No matter whatever, however, the solution to the question must be beyond web links. The implicit web engages with complex types of semantics. The amount of information on the implicit web is gigantic. The implicit Web is also very much dynamic. The traditional model of web link is too simple, too shallow, and too static to deal with all these challenges at the same time. We need big, creative thoughts to store and link all the implicitness.

The greatest potential problem to the implicit web is privacy. To companies, some implicit information may be too confidential to be shared. To individual persons, some implicit information may be too private to be public. We need innovative methods of privacy control on the implicit web.

Implicit Web in nutshell

In summary, I briefly list my beliefs about the implicit web.

1. The implicit web is a network that defragments every piece of implicitness on the explicit web, which is the generally known World Wide Web itself.
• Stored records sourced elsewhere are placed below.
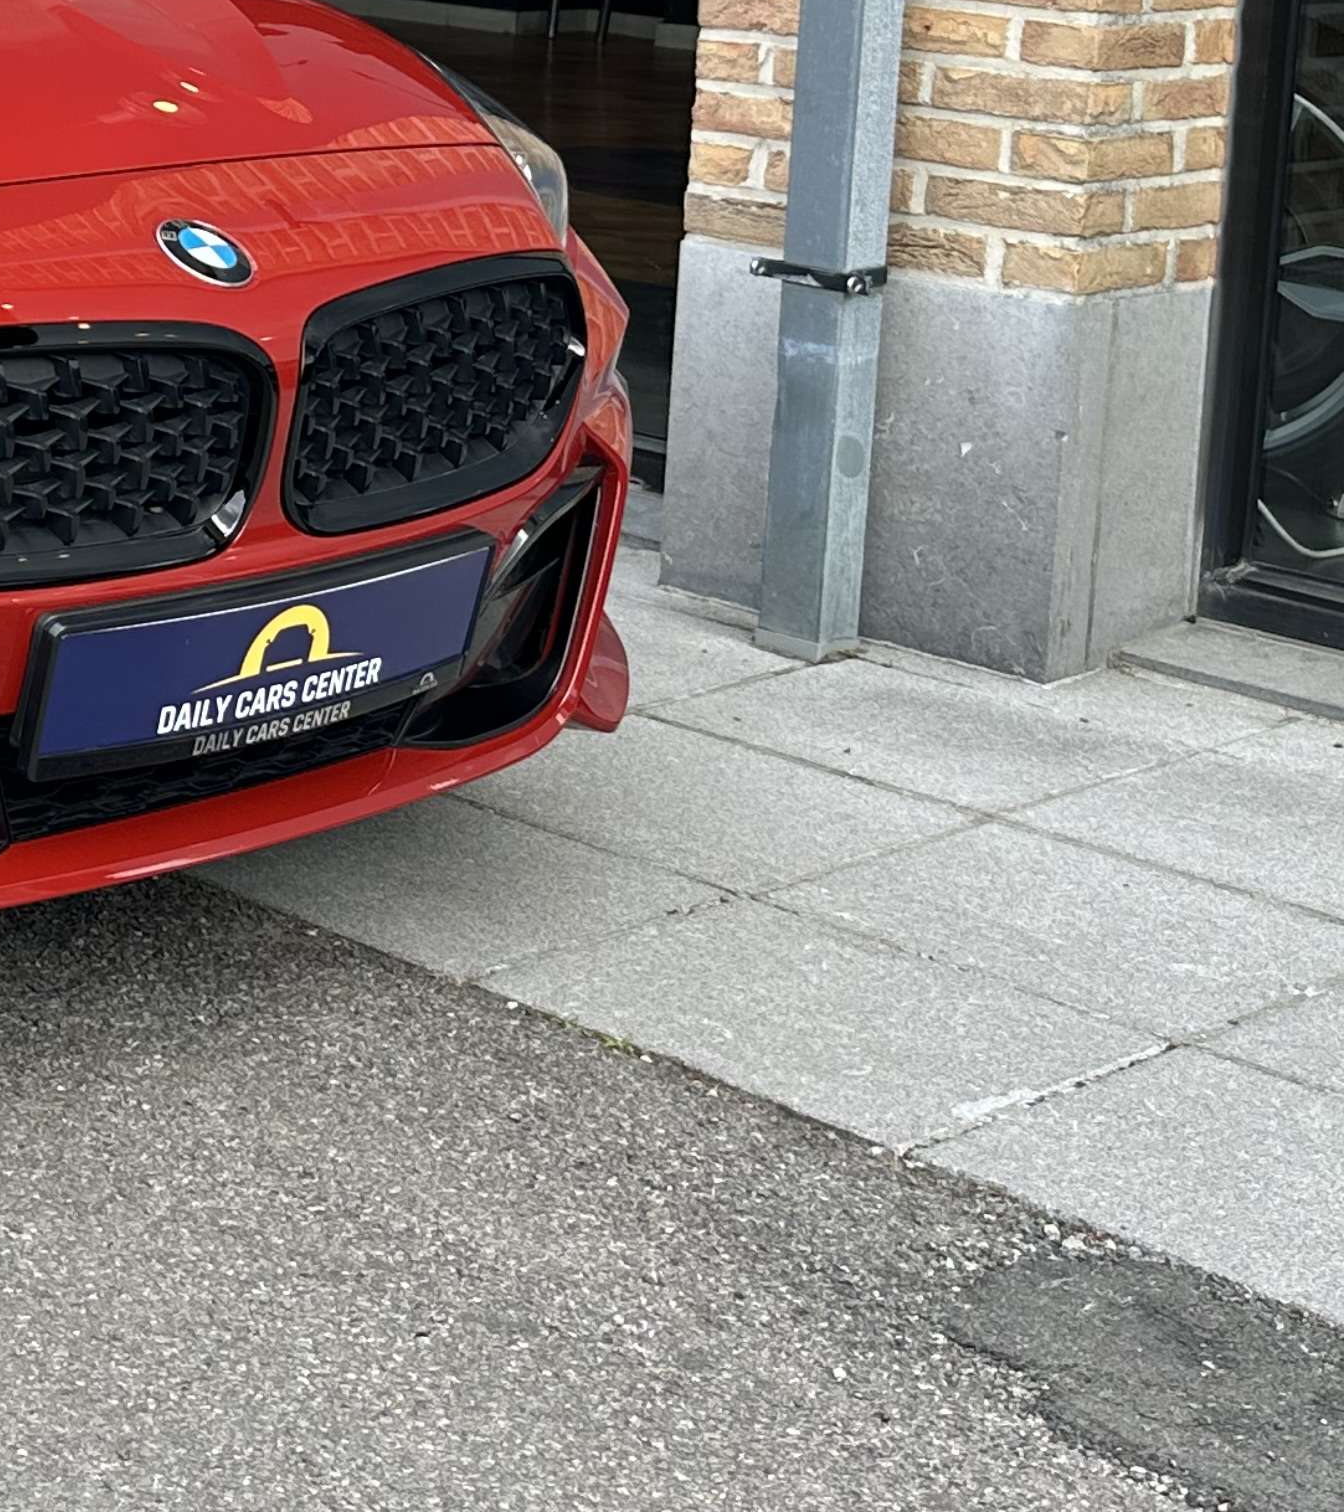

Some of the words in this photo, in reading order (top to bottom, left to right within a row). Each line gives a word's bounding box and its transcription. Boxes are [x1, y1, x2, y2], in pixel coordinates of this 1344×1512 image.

[156, 695, 232, 736] DAILY
[235, 679, 298, 720] CARS
[301, 656, 382, 700] CENTER
[191, 731, 244, 757] DAILY
[245, 719, 291, 745] CARS
[292, 700, 352, 732] CENTER
2. If the explicit web reveals the static side of human knowledge through posted data, services, and links, the implicit web reveals the dynamic side of human knowledge by recording how users access these data, services, and links.

3. The explicit web engages collective human intelligence. The implicit web engages collective human behaviors.

4. The implicit web is not part of the Semantic Web, but they are closely related. If the Semantic Web constructs a conceptual model of World Wide Web, the implicit web constructs a behavior model of World Wide Web.